Il mondo antico, ed in seguito quello di derivazione romana, viveva nel regime delle città: erano loro i centri nevralgici dell'economia e dell'amministrazione. Ne consegue che da un punto di vista militare la loro conquista portava al conseguimento di due obiettivi primari: la presa ed il controllo di una larga porzione di territorio dipendente dalla città stessa, ed un bottino ingente che faceva gola in special modo ai soldati. L'arte dell'assedio, cosi come nel mondo romano, era tenuta in grande considerazione a Bisanzio, che militarmente, andava ad ereditare il patrimonio di conoscenze proprio dell'Impero romano.
Durante il VI sec. d.C. solo i Persiani potevano permettersi di rivaleggiare con i Bizantini in questo campo, al contrario popoli come i Goti in Italia o gli Slavi nei Balcani erano del tutto impreparati e solo più avanti cominceranno a padroneggiare, seppur minimamente, le varie tecniche di assedio.
Dunque, com'era condotto un assedio durante il VI secolo? Generalmente la soluzione favorita era quella di cercare, se possibile, di prendere il nemico per fame o sete: gli attacchi diretti e gli assalti erano fortemente sconsigliati in quanto alto era il pericolo di perdere un'ingente quantità di uomini sotto le mura nemiche. Al massimo si poteva tentare di tenere gli assediati impegnati giorno e notte mandando piccoli drappelli di uomini, a turno, ad attaccare sotto le mura; l'obiettivo era quello di portare allo stremo le difese avversarie. I Bizantini inoltre provvedevano anche alla costruzione di un campo fortificato che gli permetteva di mettersi al riparo dall'arrivo di eventuali rinforzi per scongiurare episodi negativi come quello verificatosi in Arzanene dove alcuni comandanti bizantini furono addirittura presi mentre assediavano una fortezza nemica.
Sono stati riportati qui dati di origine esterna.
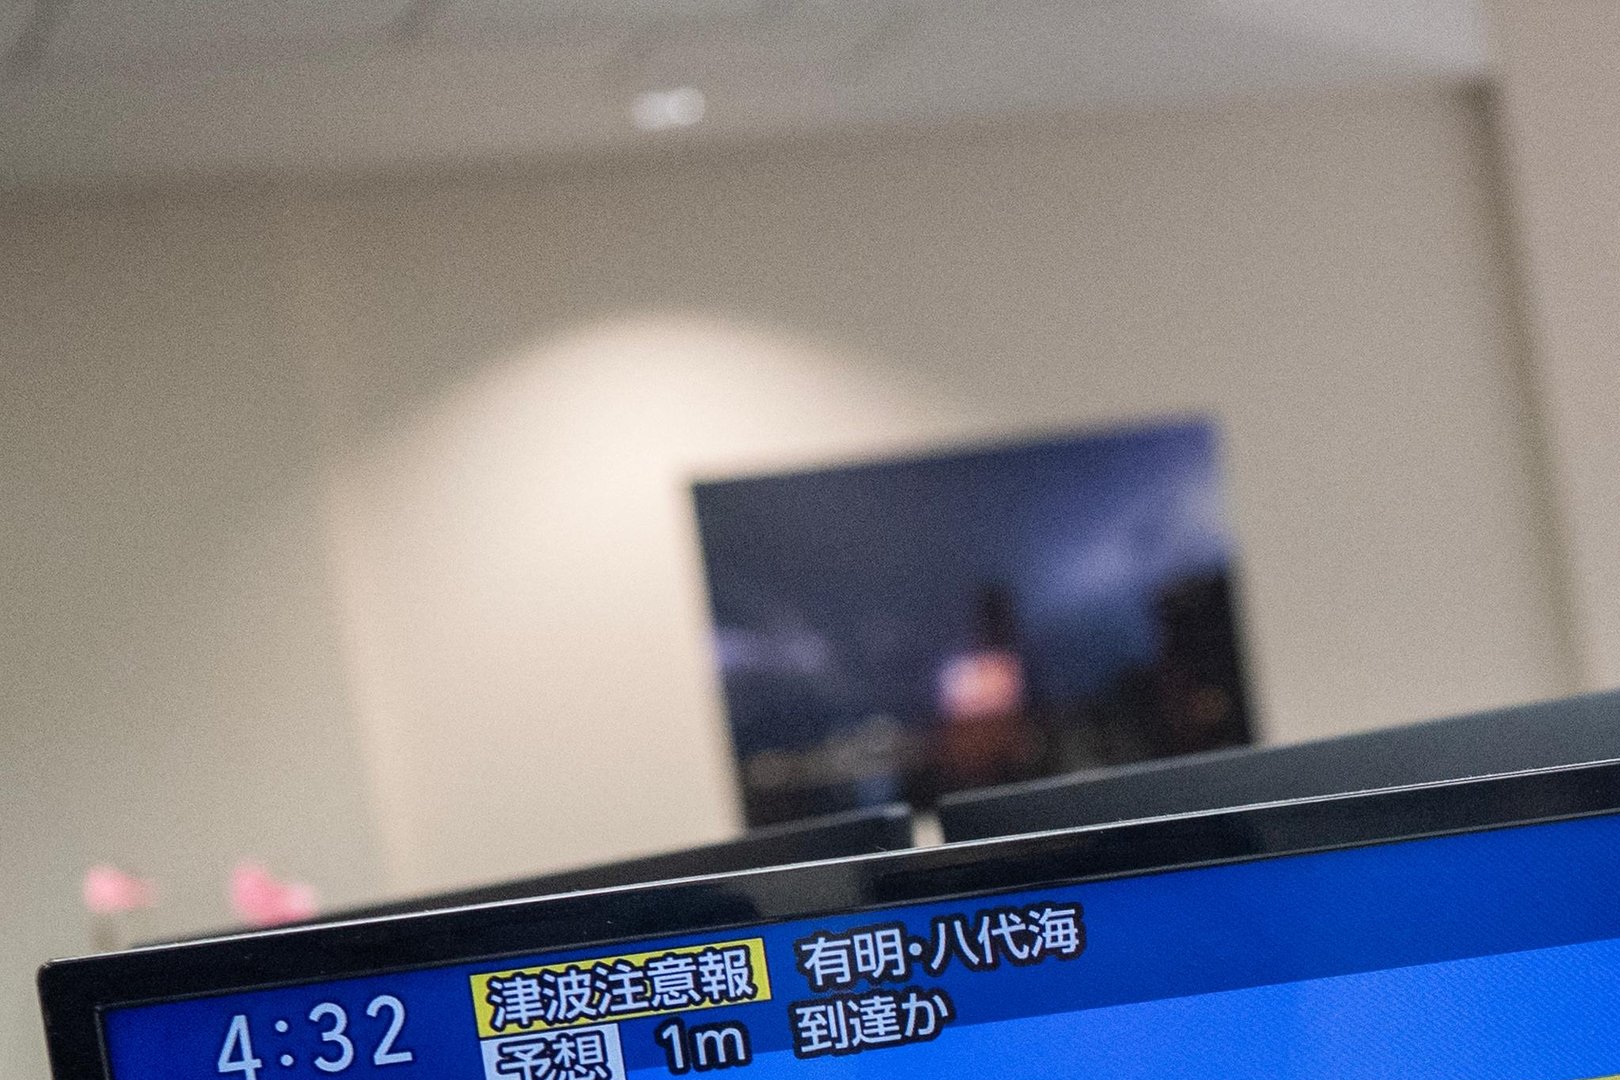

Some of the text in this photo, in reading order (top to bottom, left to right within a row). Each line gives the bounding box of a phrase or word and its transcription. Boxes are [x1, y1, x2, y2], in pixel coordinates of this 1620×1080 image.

Nel caso in cui nulla di tutto ciò avesse funzionato l'unica alternativa rimaneva quella dell'assalto diretto. I Bizantini ricorrevano all'uso di diversi macchinari per tentare di entrare nella città o fortezza che sia: si andava dal classico ariete passando per la ballista o gli onagri.
L'ariete era utilizzato per dissestare punti precisi delle mura o per sfondare le porte d'ingresso; essendo molto pesante era spostato a fatica dagli uomini e non era utilizzabile dunque su terreni troppo scoscesi. Per affrontarlo si utilizzavano delle travi mobili da spostare lungo le mura e con le quali puntellarle per attutire al meglio i suoi colpi; in genere, essendo un'arma che aveva difficoltà nell'abbattere o intaccare mura molto massicce, non era granché temuto, a meno che non fosse posizionato sulla sommità di un terrapieno, in questo caso era bersagliata una sezione di muro sicuramente più debole perché più in alto. La ballista veniva usata invece per lanciare grandi frecce mentre l'onagro permetteva di scagliare pietre e massi di diversa grandezza. Non mancavano inoltre nemmeno le torri mobili usate anche queste in precedenza dai romani o i cunicoli scavati con lo scopo di abbattere le mura dalle fondamenta; gli assedianti si portavano sotto la base del muro e sostituivano le pietre con travi lignee alle quali veniva dato fuoco provocando il crollo della sezione di muro interessata.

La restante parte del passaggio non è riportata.